Sickle Cell, Screen

CPT Code(s):
85660

Turnaround Time:
4 hours

Specimen Requirements

Preferred Specimen:
Whole Blood

Minimum Volume:
1.0 mL

Transport Container:
Lavender Top Tube (EDTA)

Transport Temperature:
Room Temperature

Collection Instructions:
Whole blood collected in lavender EDTA tube; inverted several times to mix blood with anticoagulant. Specimen must be received and testing performed within 24 hours of draw.

Rejection Criteria:
Hemolysis; clotted specimen; specimen drawn in any anticoagulant other than EDTA; specimen diluted or contaminated with IV fluid; tube not filled with minimum volume; improper labeling; transfer tubes with whole blood; specimen received with plasma removed (plasma is used for other testing)

Stability Criteria

Room Temperature:
24 hours

Refrigerated:
24 hours

Frozen:
Unaceptable

Clinical Significance

Sickle Cell Screen is a diagnostic tool used to identify the presence of sickle cell trait or sickle cell disease in a patient. It has specific clinical significance and diagnostic use in the following ways:

1. Screening for Sickle Cell Trait: Sickle cell trait is an inherited condition in which a person carries one copy of the abnormal hemoglobin gene, resulting in the production of both normal and abnormal hemoglobin. Sickle Cell Screen helps identify individuals who have the sickle cell trait but do not typically experience symptoms associated with sickle cell disease. This information is important for genetic counseling, family planning, and identifying individuals who may be at risk of passing the sickle cell gene to their children.

2. Diagnosis of Sickle Cell Disease: Sickle cell disease is an inherited blood disorder characterized by the presence of two abnormal hemoglobin genes, causing the production of predominantly abnormal hemoglobin. Sickle Cell Screen can aid in diagnosing sickle cell disease by detecting the presence of abnormal hemoglobin. Early diagnosis is crucial for appropriate management and treatment of sickle cell disease, as it helps prevent complications and allows for timely interventions.

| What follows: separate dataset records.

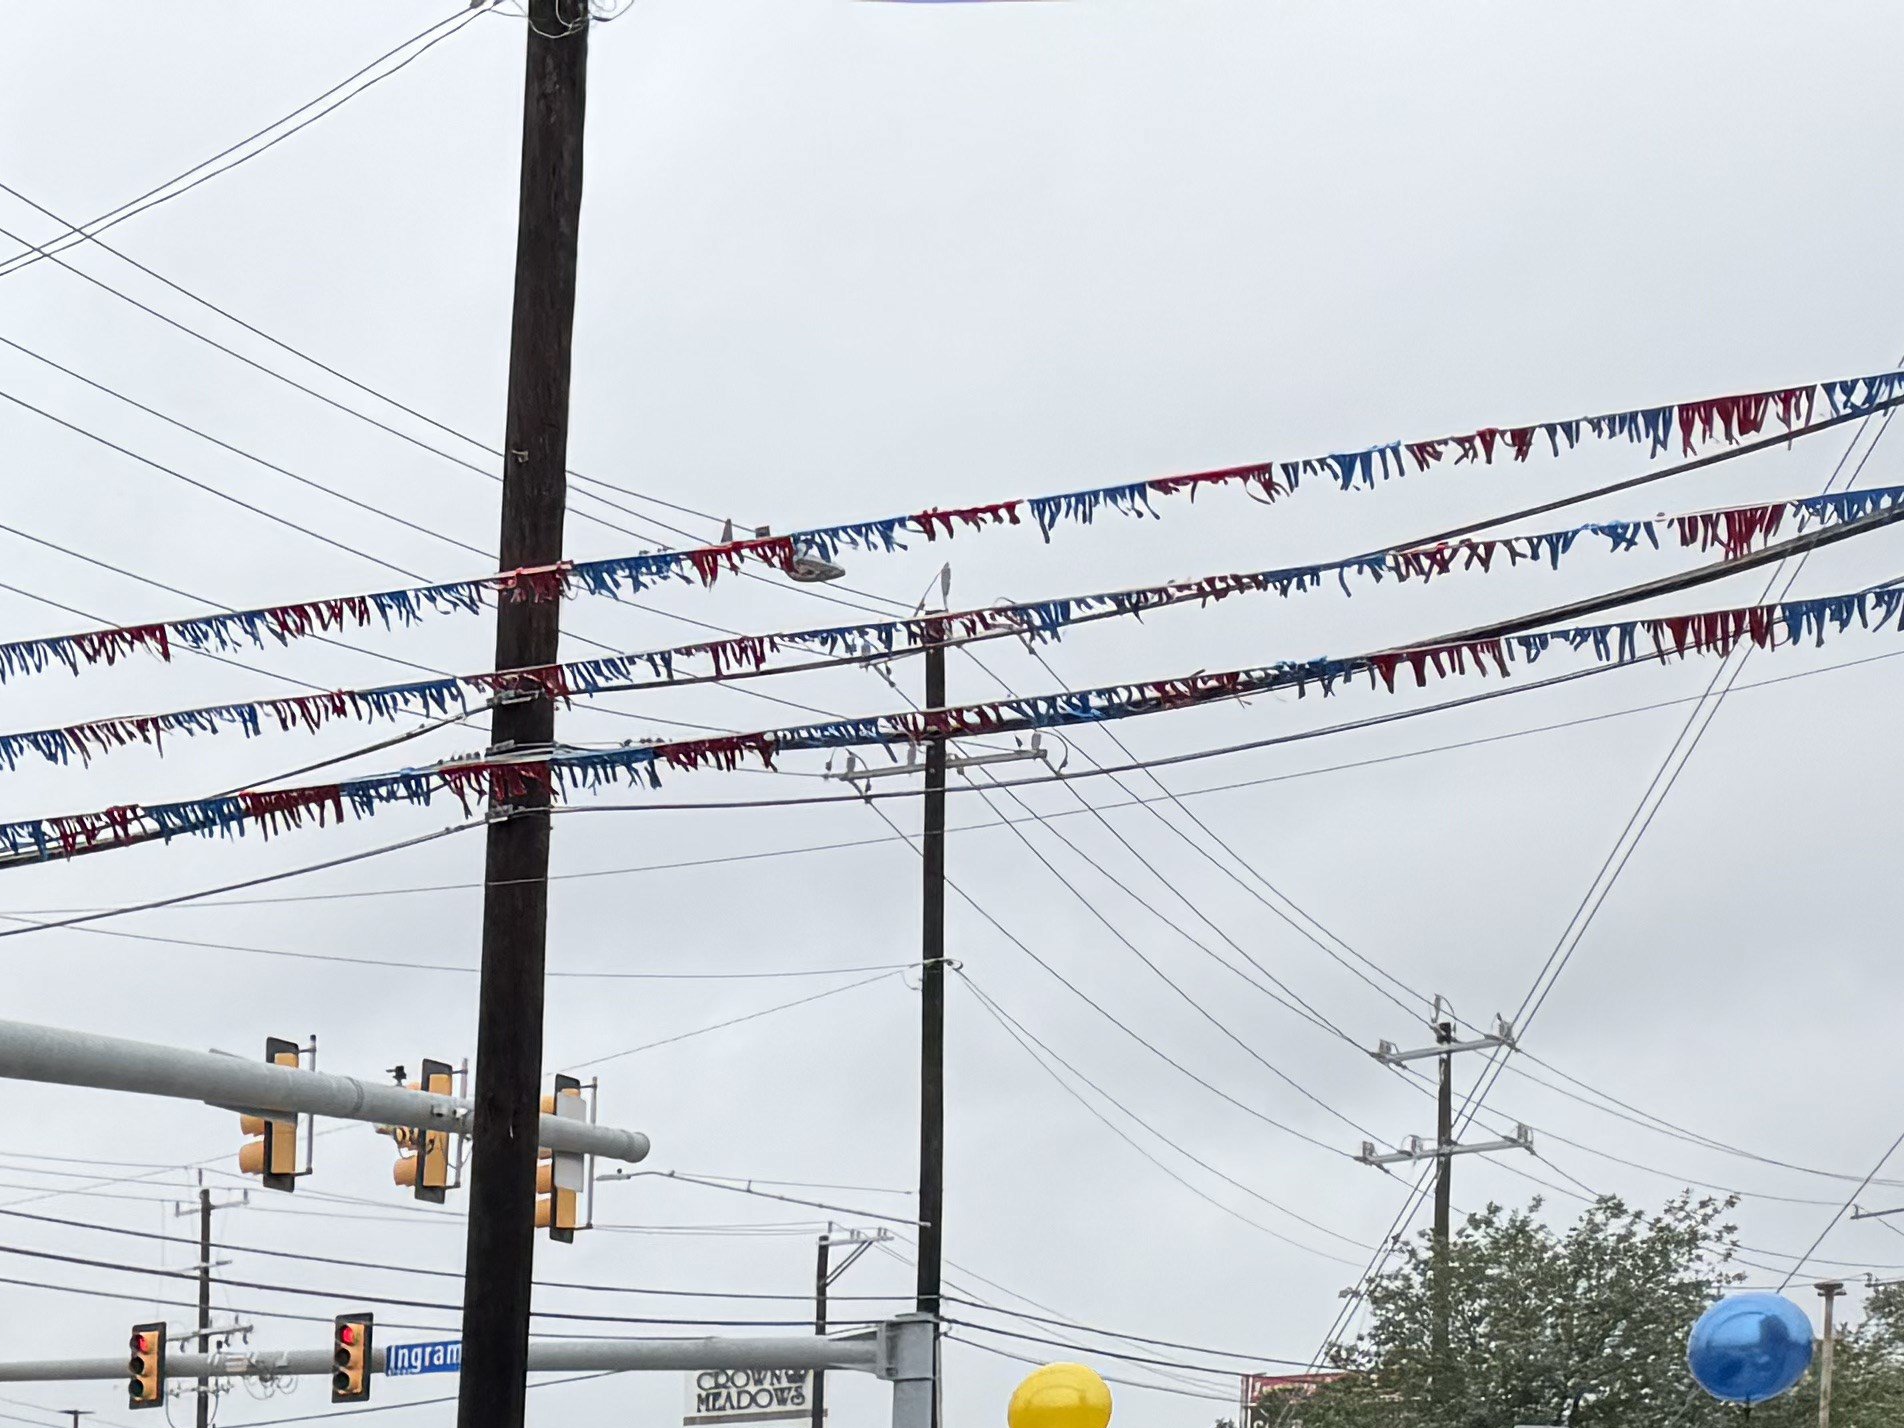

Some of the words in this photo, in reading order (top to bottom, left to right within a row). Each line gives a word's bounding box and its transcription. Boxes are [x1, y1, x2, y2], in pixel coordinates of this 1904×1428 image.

[390, 1344, 462, 1373] Ingram
[696, 1368, 784, 1392] CROWN
[696, 1386, 805, 1413] MEADOWS
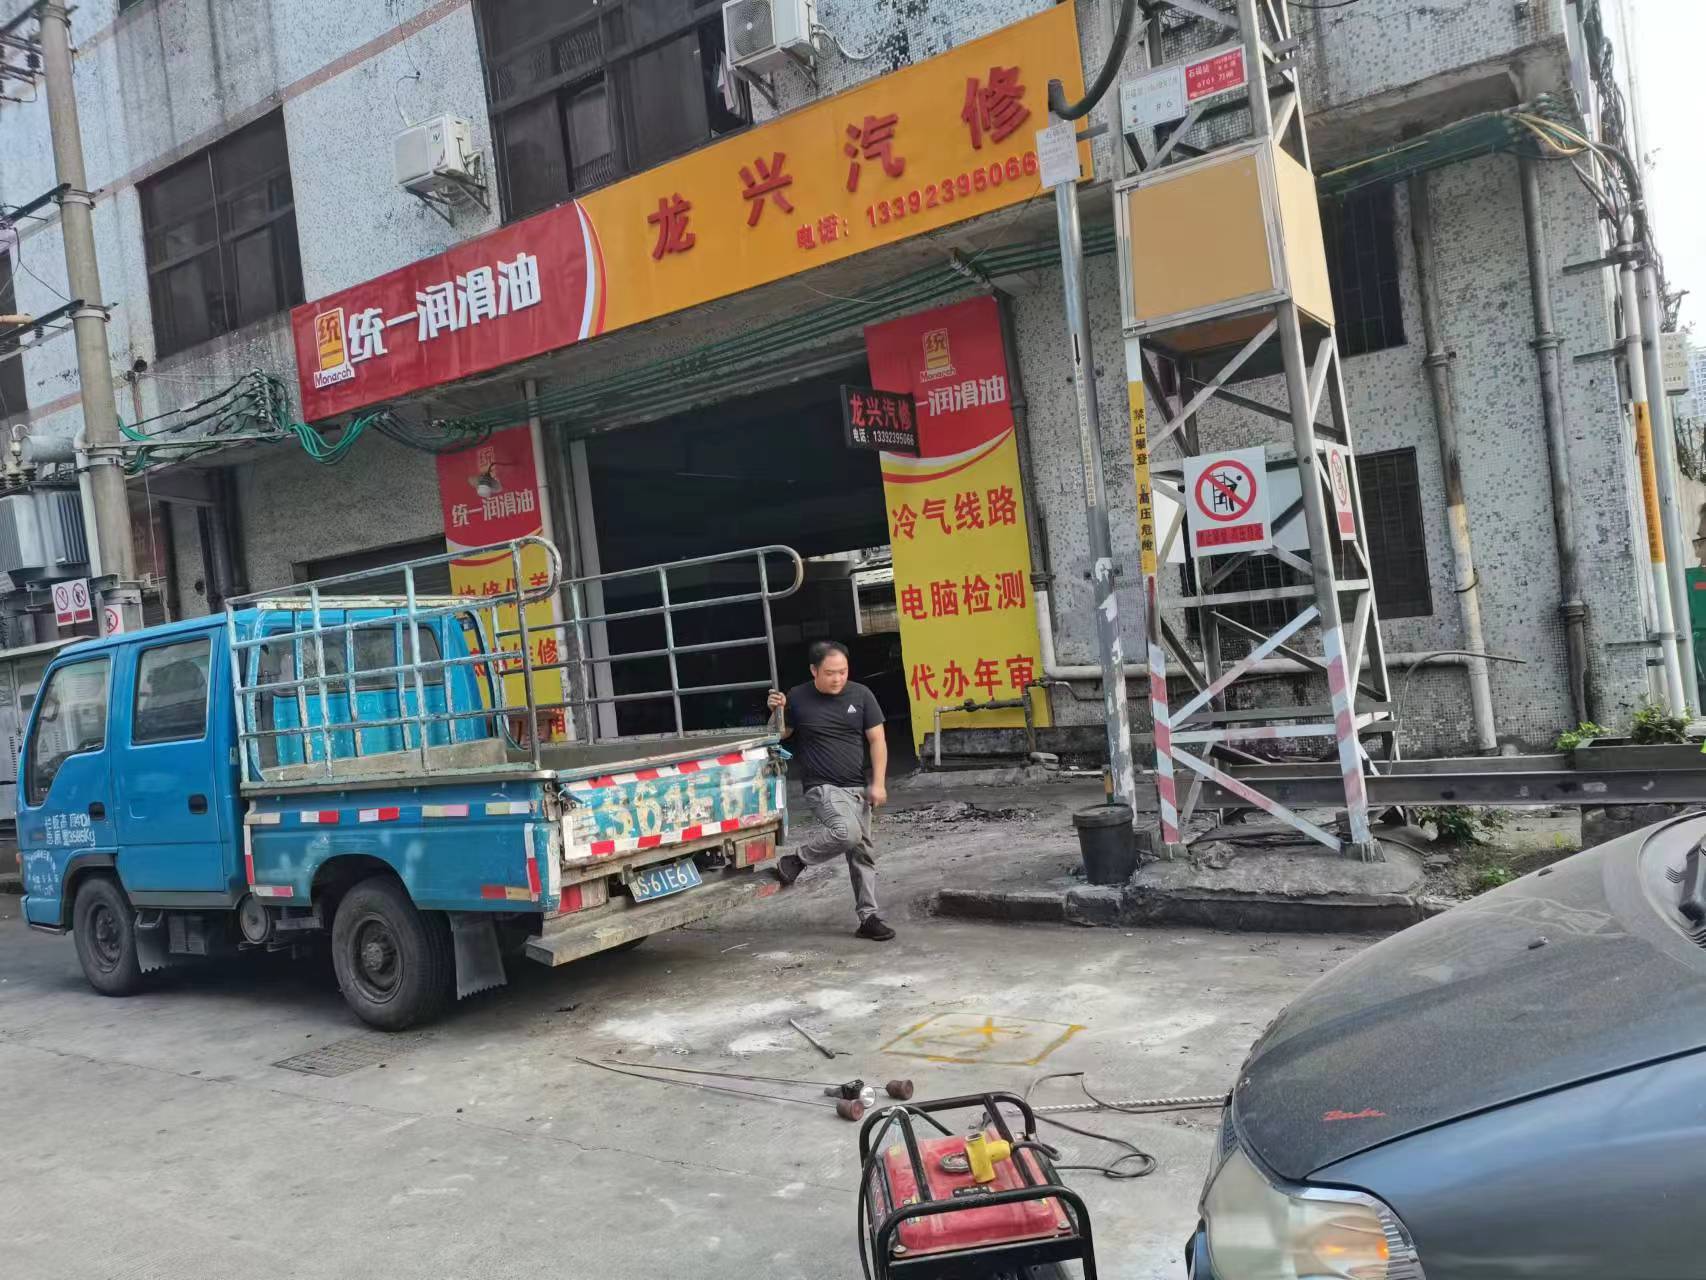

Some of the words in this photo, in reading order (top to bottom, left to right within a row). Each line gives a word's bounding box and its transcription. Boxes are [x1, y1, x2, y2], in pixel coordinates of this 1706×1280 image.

[647, 65, 1031, 260] 龙兴汽修
[866, 151, 1039, 228] 13392395066
[348, 252, 542, 363] 统一润滑油
[314, 364, 353, 388] Monarch
[849, 391, 912, 431] 龙兴汽修
[451, 487, 536, 528] 统一润滑油
[891, 485, 1017, 540] 冷气线路
[900, 570, 1027, 620] 电脑检测
[911, 653, 1034, 701] 代办年审
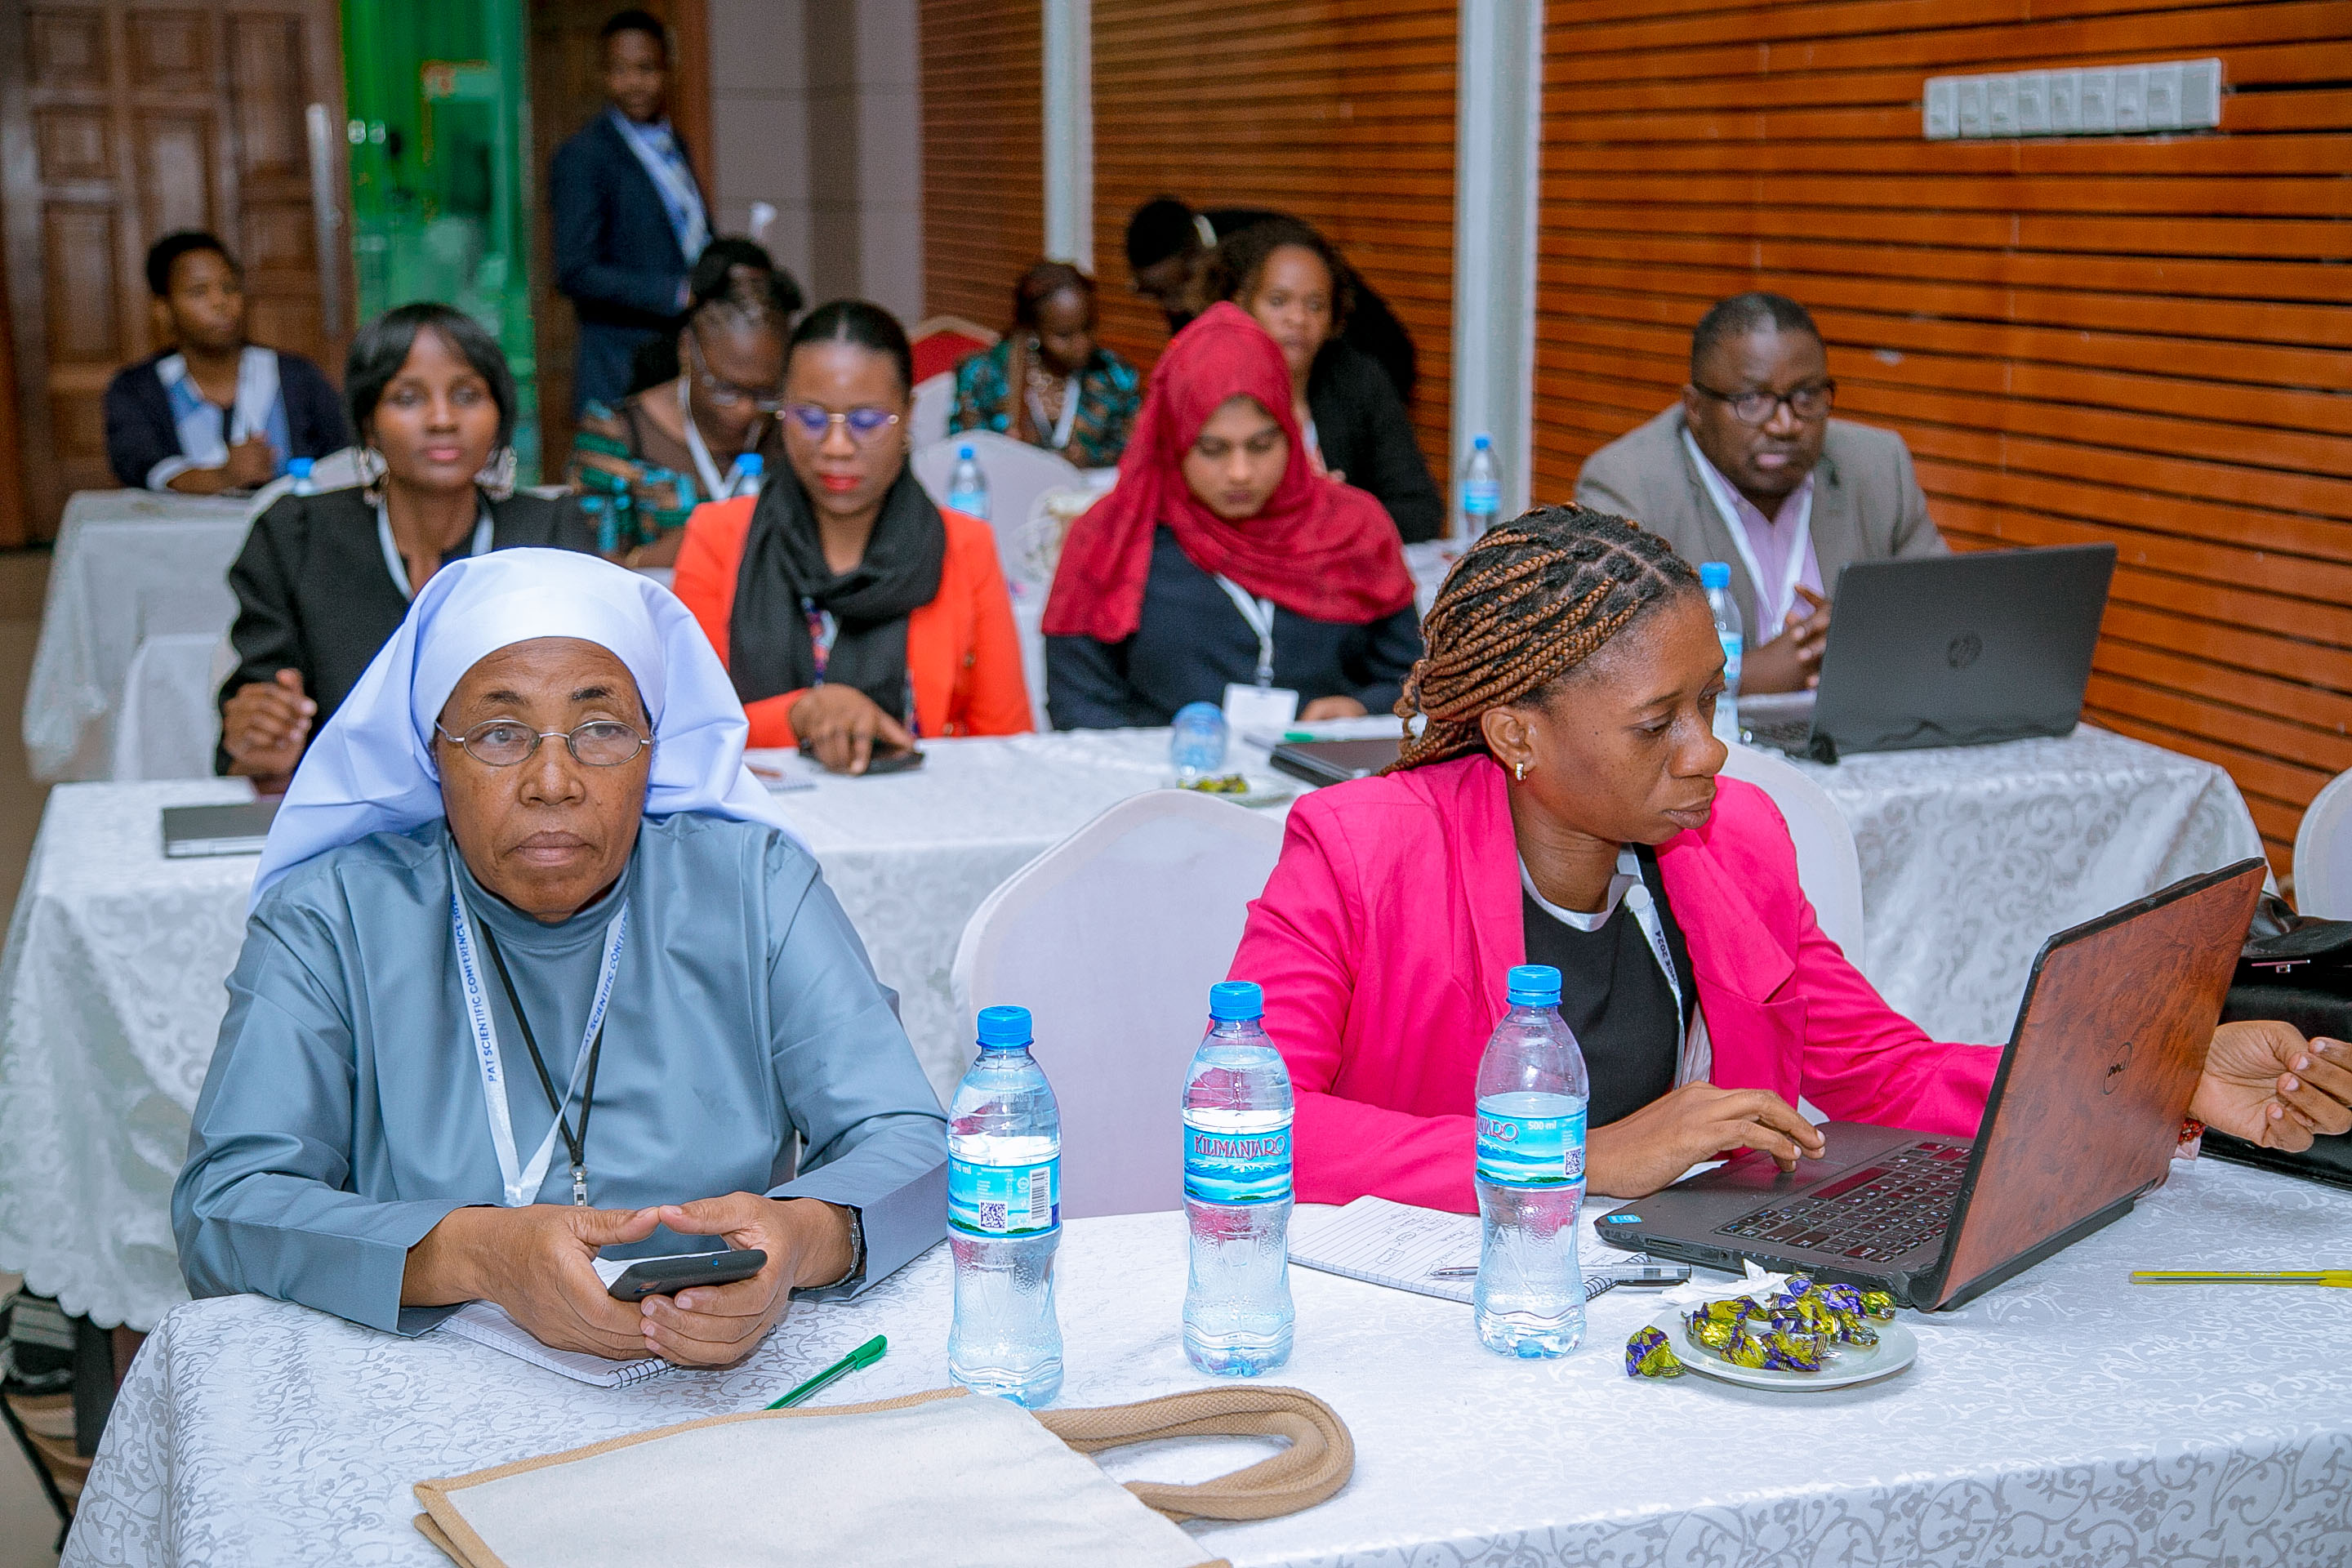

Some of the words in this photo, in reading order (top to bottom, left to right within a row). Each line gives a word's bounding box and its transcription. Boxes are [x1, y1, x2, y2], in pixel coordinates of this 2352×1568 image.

3. Newborn Screening: Sickle Cell Screen is a part of newborn screening programs in many countries. By screening newborns for sickle cell trait or disease shortly after birth, healthcare providers can identify affected infants and initiate early interventions. Early detection allows for the prompt implementation of preventive measures, such as antibiotic prophylaxis and vaccination, which can significantly reduce the risk of serious infections in infants with sickle cell disease.

4. Preoperative Assessment: Sickle Cell Screen is often performed before surgeries or other medical procedures that carry a risk of oxygen deprivation or stress on the body. Individuals with sickle cell trait or disease may be at increased risk of complications, such as vaso-occlusive crises or acute chest syndrome, during these procedures. The test helps healthcare providers identify individuals who may require additional precautions or specialized care during the perioperative period.

It is important to note that a positive Sickle Cell Screen result does not provide definitive confirmation of sickle cell disease. Further confirmatory tests, such as hemoglobin electrophoresis or DNA analysis, may be necessary to establish a definitive diagnosis.

In summary, Sickle Cell Screen is a valuable tool for identifying individuals with sickle cell trait or disease. It plays a crucial role in genetic counseling, family planning, newborn screening, early diagnosis, and appropriate management of sickle cell disease. The test helps healthcare providers implement preventive measures and interventions to improve patient outcomes and minimize the risk of complications associated with sickle cell trait or disease.